LLM-Powered Code Vulnerability Repair with Reinforcement Learning and Semantic Reward

In software development, the predominant emphasis on functionality often supersedes security concerns, a trend gaining momentum with AI-driven automation tools like GitHub Copilot. These tools significantly improve developers' efficiency in functional code development. Nevertheless, it remains a notable concern that such tools are also responsible for creating insecure code, predominantly because of pre-training on publicly available repositories with vulnerable code. Moreover, developers are called the "weakest link in the chain" since they have very minimal knowledge of code security. Although existing solutions provide a reasonable solution to vulnerable code, they must adequately describe and educate the developers on code security to ensure that the security issues are not repeated. Therefore we introduce a multipurpose code vulnerability analysis system \texttt{SecRepair}, powered by a large language model, CodeGen2 assisting the developer in identifying and generating fixed code along with a complete description of the vulnerability with a code comment. Our innovative methodology uses a reinforcement learning paradigm to generate code comments augmented by a semantic reward mechanism. Inspired by how humans fix code issues, we propose an instruction-based dataset suitable for vulnerability analysis with LLMs. We further identify zero-day and N-day vulnerabilities in 6 Open Source IoT Operating Systems on GitHub. Our findings underscore that incorporating reinforcement learning coupled with semantic reward augments our model's performance, thereby fortifying its capacity to address code vulnerabilities with improved efficacy.

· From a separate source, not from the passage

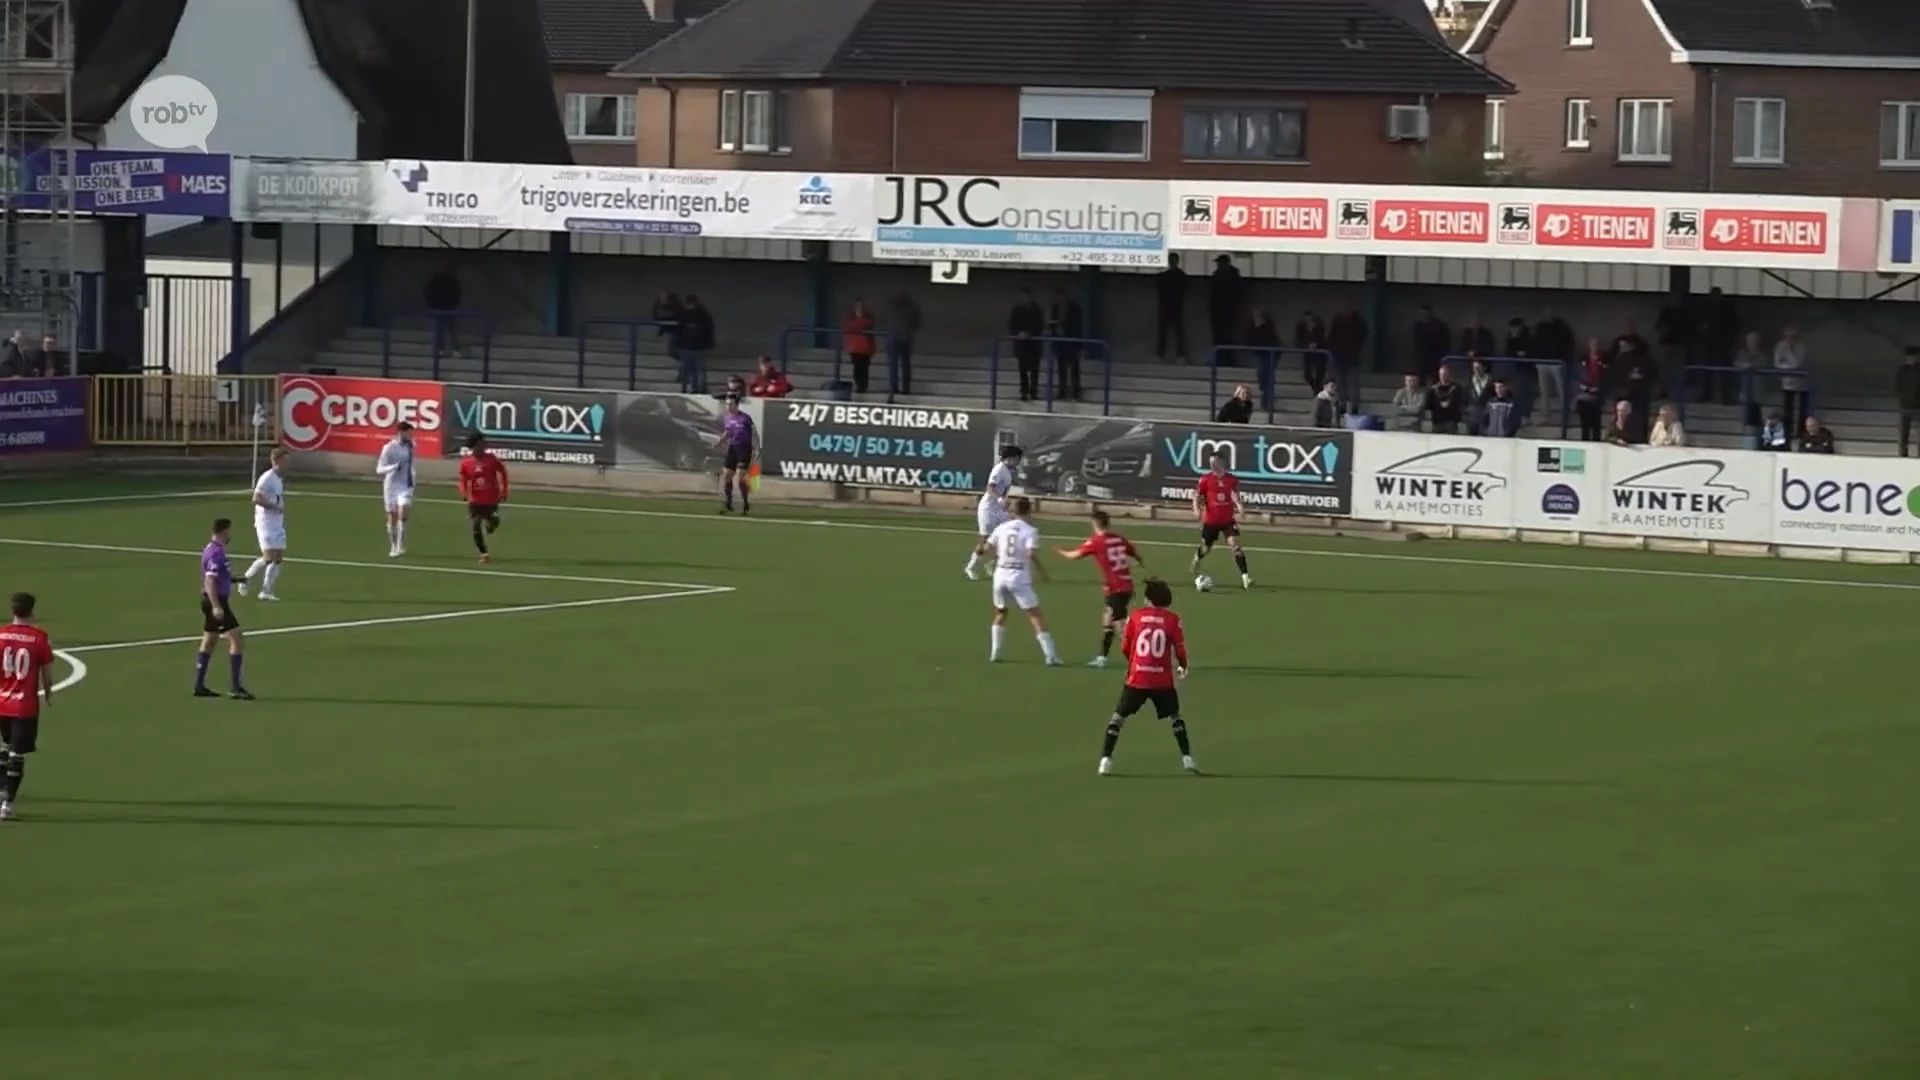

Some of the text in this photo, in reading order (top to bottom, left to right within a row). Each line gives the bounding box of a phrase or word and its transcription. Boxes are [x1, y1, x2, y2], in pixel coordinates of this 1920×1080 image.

翻译：在软件开发中，对功能性的过度强调往往使安全问题被忽视，这一趋势在GitHub Copilot等AI驱动自动化工具的推动下愈发显著。这些工具虽能大幅提升开发者在功能性代码开发中的效率，但值得注意的是，由于在包含漏洞代码的公开代码库上进行预训练，它们也可能生成不安全的代码。此外，开发者因缺乏代码安全知识而被视为"安全链条中最薄弱的环节"。尽管现有解决方案为漏洞代码提供了合理应对措施，但它们未能充分描述和教育开发者关于代码安全的知识，导致安全问题重复出现。为此，我们提出一个多用途代码漏洞分析系统\texttt{SecRepair}——该系统基于大型语言模型CodeGen2构建，可协助开发者识别漏洞、生成修复代码，并通过代码注释完整描述漏洞信息。我们创新的方法论采用强化学习范式，通过语义奖励机制增强代码注释生成。借鉴人类修复代码问题的方式，我们提出了一个适用于大语言模型漏洞分析的指令式数据集。我们进一步在GitHub上6个开源物联网操作系统中识别出零日与N日漏洞。研究结果表明，将强化学习与语义奖励相结合能显著提升模型性能，从而更有效地增强其应对代码漏洞的能力。